Researchers at MIT have developed an automated search tool that can help astronomers identify the echoes emitted by a specific type of black hole, reports Juandre for Popular Mechanics. “The team’s algorithm, which they dubbed the ‘Reverberation Machine,’ pored through data collected by the Neutron Star Interior Composition Explorer, an x-ray telescope mounted to the International Space Station,” writes Juandre. “They identified previously undetected echoes from black hole binary systems in our galaxy.”

New York Times

MIT astronomers have used light echoes from X-ray bursts to try to map the environment around black holes, reports Dennis Overbye for The New York Times. Prof. Erin Kara then worked with education and music experts to transform the X-ray reflections into audible sound. “I just love that we can ‘hear’ the general relativity in these simulations,” said Kara.

CNN

CNN reporter Ashley Strickland writes that MIT astronomers developed an automated search tool and were able to “pin down the locations of eight rare pairings of black holes and the stars orbiting them, thanks to the X-ray echoes they release.”

Inverse

Inverse reporter Charles Q. Choi writes that MIT astronomers have observed what appears to be the most tightly coupled black widow binary yet. "The one thing I know for sure is we really have never seen anything quite like this object,” says postdoctoral fellow Kevin Burdge, “and that there is probably a lot more to learn from it and other similar objects that I am finding right now, and that's what has me so excited about these."

VICE

MIT astronomers have detected what appears to be a black widow binary with the shortest orbital period ever recorded, reports Becky Ferreira for Vice. “It behaves exactly like a black widow in many, many ways,” says postdoctoral fellow Kevin Burdge, “but it also does a few new things that we've never seen before in any known black widow.” 

VICE

Vice reporter Becky Ferreira writes that MIT researchers developed a new system, called the Reverberation Machine, to detect the echoes from eight new echoing black hole binaries. “These echoes offer a rarely seen glimpse into the otherworldly surroundings of stellar-mass black holes, which are about five to 15 times the mass of the Sun,” writes Ferreira.

Times Higher Education

Lecturer John Liu and Mary Ellen Wiltrout, director of online and blended learning initiatives in the Department of Biology, share how the pandemic has transformed the way in which universities approach digital teaching. Liu noted that the pandemic had “forced [universities] to rethink community and support…on a class level but maybe on a program level” as well as to refocus on how teaching modes best served learning objectives,” reports Times Higher Education.

Gizmodo

MIT researchers have detected eight echoing black hole binaries in the Milky Way and then converted the black hole X-ray emissions into sound waves, reports Isaac Schultz for Gizmodo.
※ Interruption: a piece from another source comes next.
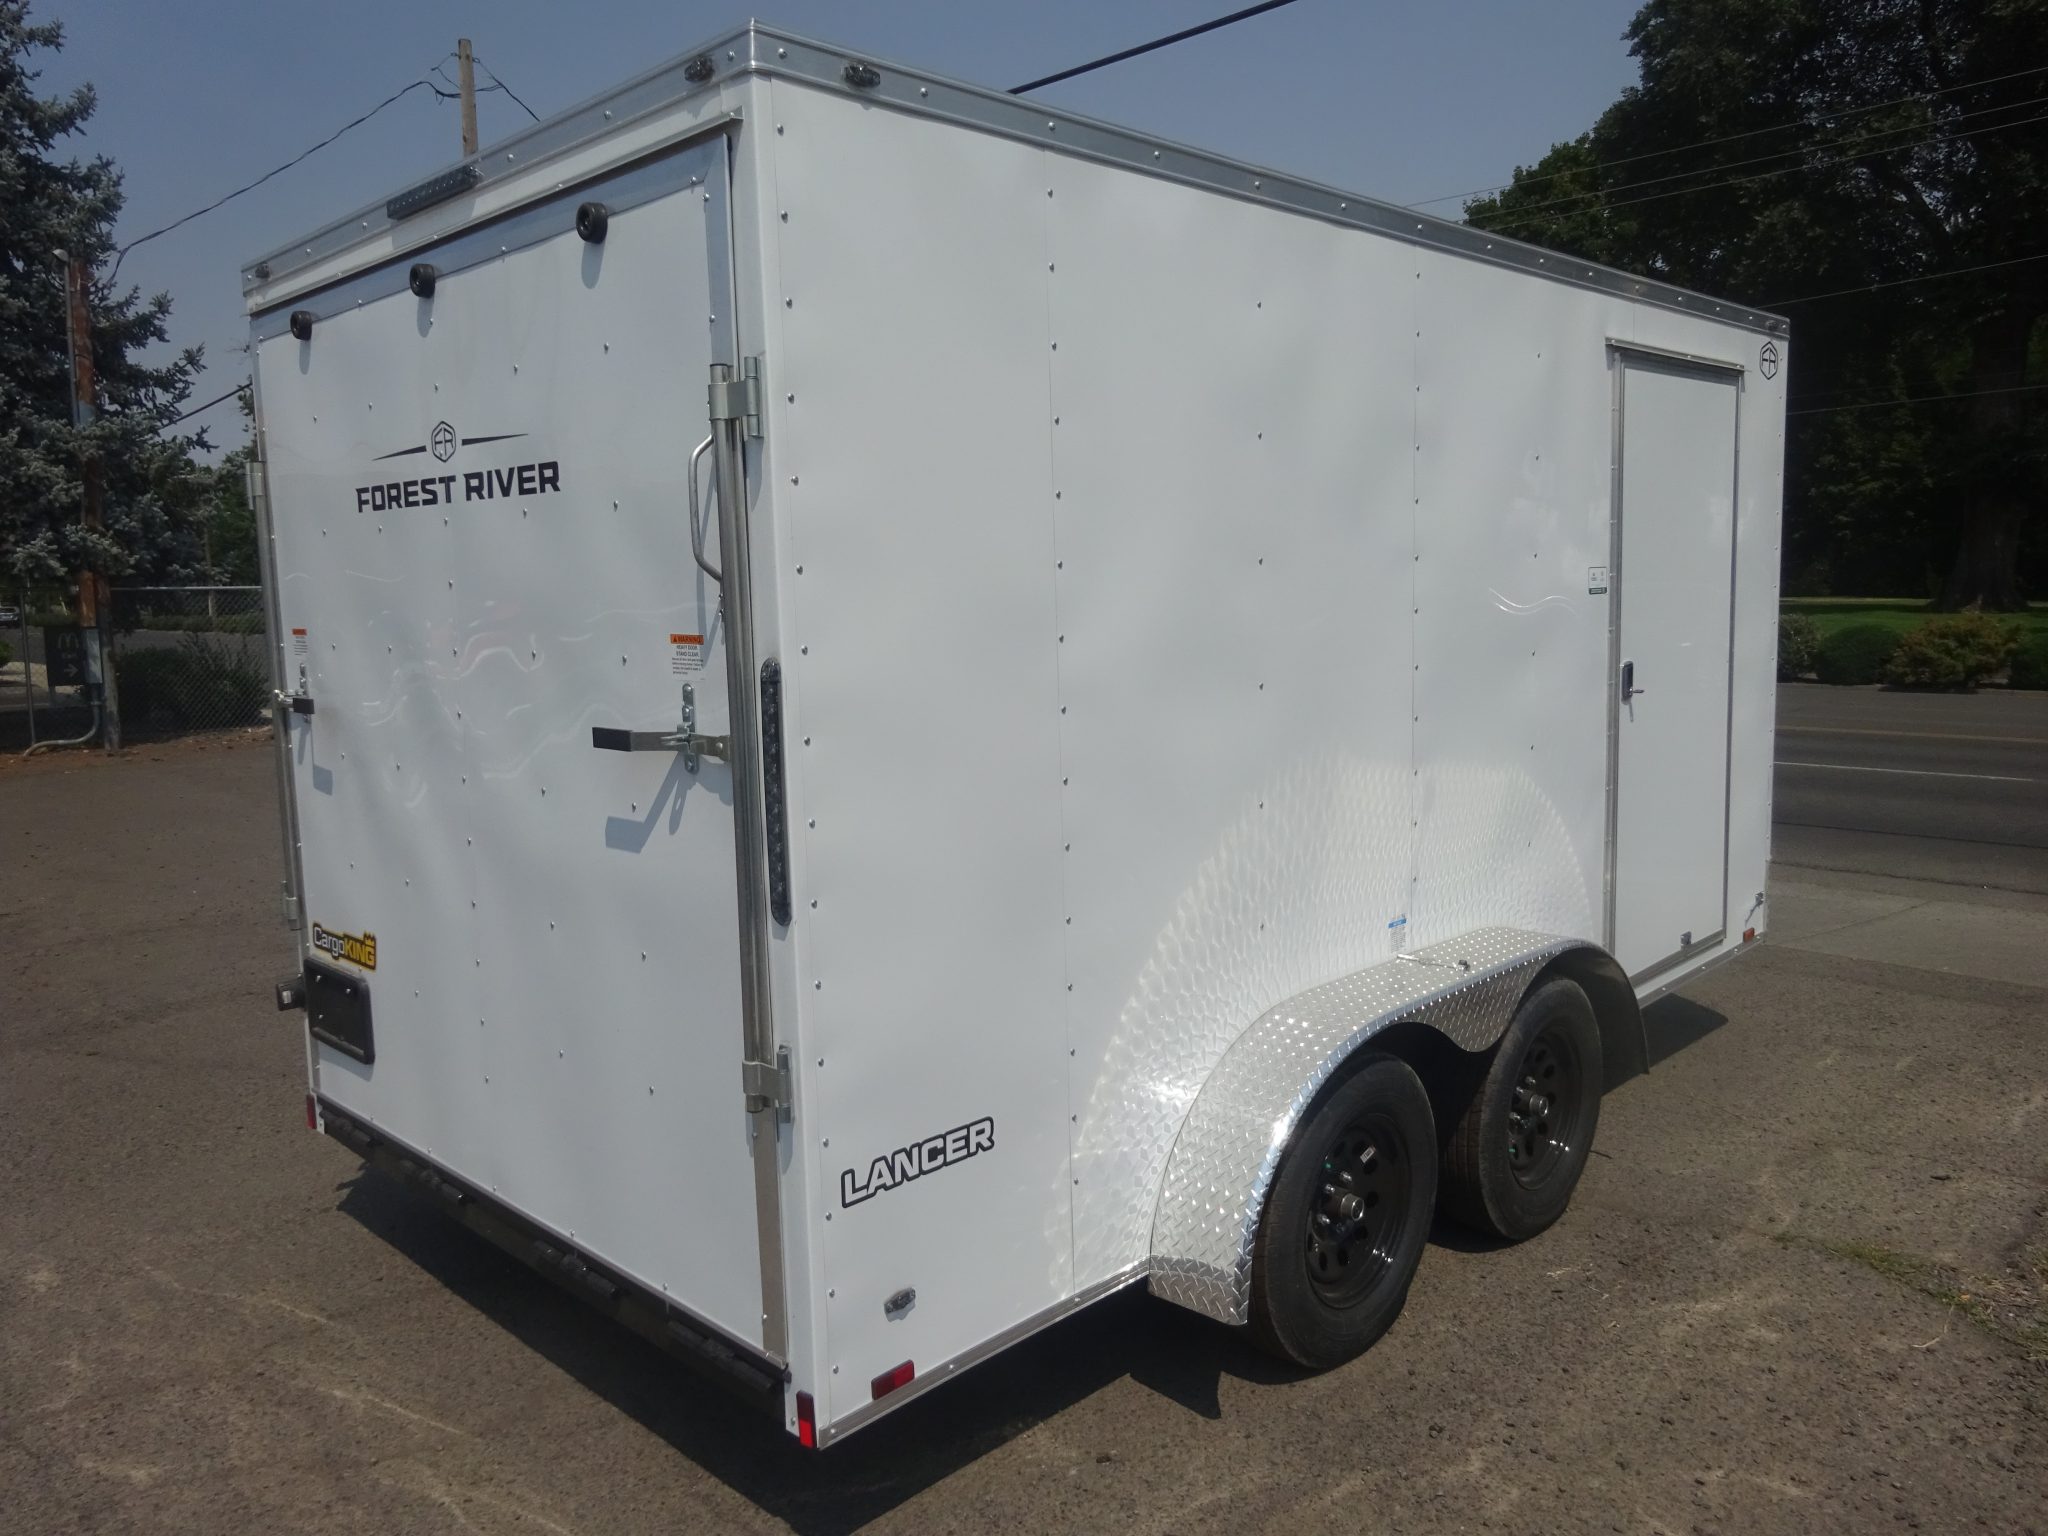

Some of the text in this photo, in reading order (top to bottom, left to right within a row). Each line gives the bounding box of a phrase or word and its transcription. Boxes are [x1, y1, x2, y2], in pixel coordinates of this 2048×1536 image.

[355, 460, 561, 513] FOREST RIVER
[841, 1116, 995, 1208] LANCER
The researchers developed a new tool, dubbed the Reverberation Machine, which “combed satellite data from NICER, a telescope aboard the International Space Station that studies X-ray emissions from sources like black holes and neutron stars, including a weird type of emission known as an ‘echo.’”

State House News

MIT President L. Rafael Reif and Special Presidential Envoy for Climate John Kerry discussed the urgency of addressing climate change during the Climate Grand Challenges Showcase event, reports Chris Lisinski for the State House News Service. “Climate change has been called a ‘super wicked’ problem. In Boston, that might sound like a local way of saying ‘really hard,’ but this phrase is actually a technical term,” Reif said. “It describes any enormously complex societal problem that has no single right answer and no clear finish line as well as multiple stakeholders with conflicting priorities and no central authority empowered to solve it.”